— PROBLEM —
The copy has to match the records word for word and include no pictures.

Top of THE INPUT

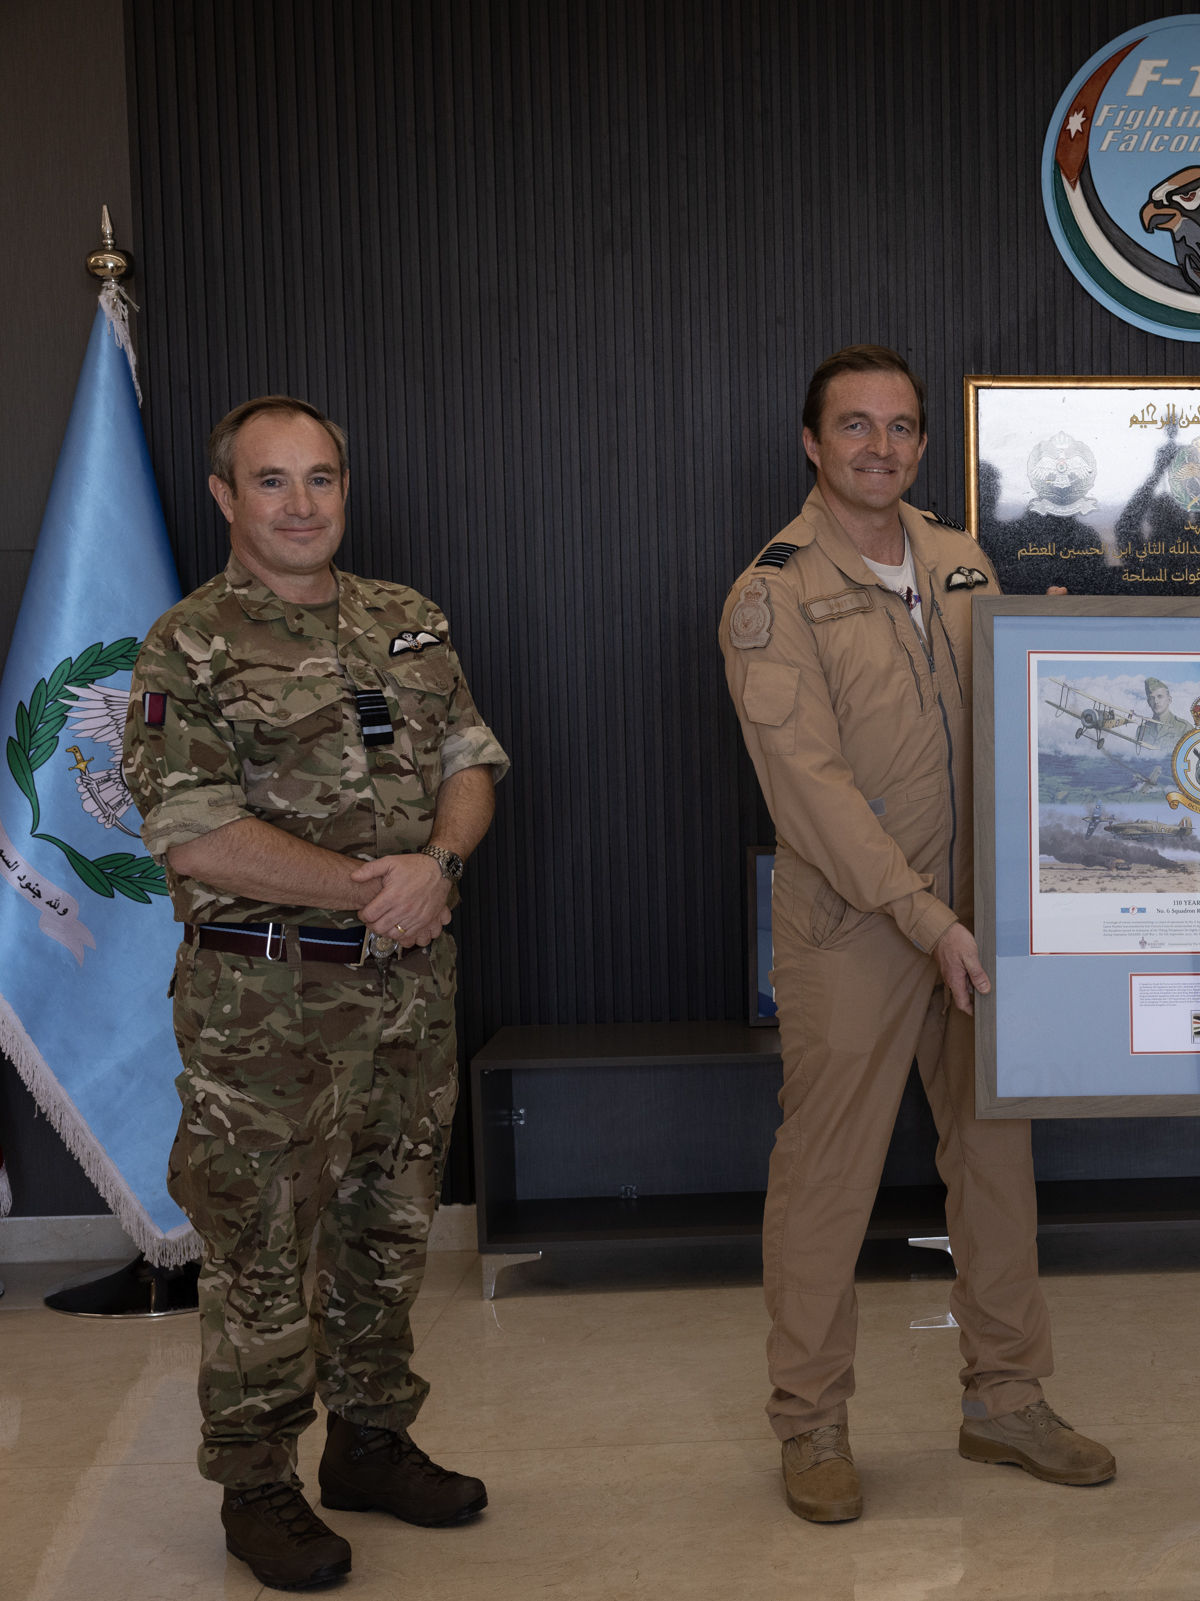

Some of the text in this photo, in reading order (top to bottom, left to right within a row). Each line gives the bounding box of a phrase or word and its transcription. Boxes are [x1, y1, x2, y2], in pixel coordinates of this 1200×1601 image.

[1128, 402, 1176, 429] الرحيم
[1017, 542, 1056, 560] المعظم
[1059, 542, 1109, 559] الحسين
[1112, 541, 1132, 558] ابن
[1135, 541, 1165, 562] الثاني
[1122, 568, 1167, 582] المسلحة
[17, 874, 42, 899] جنود

Bottom of THE INPUT

— RESULT BELOW —
Some of the text in this photo, in reading order (top to bottom, left to right within a row). Each line gives the bounding box of a phrase or word and its transcription. Boxes are [x1, y1, x2, y2], in pixel coordinates of this 1200×1601 image.

[1128, 402, 1176, 429] الرحيم
[1017, 542, 1056, 560] المعظم
[1059, 542, 1109, 559] الحسين
[1112, 541, 1132, 558] ابن
[1135, 541, 1165, 562] الثاني
[1122, 568, 1167, 582] المسلحة
[17, 874, 42, 899] جنود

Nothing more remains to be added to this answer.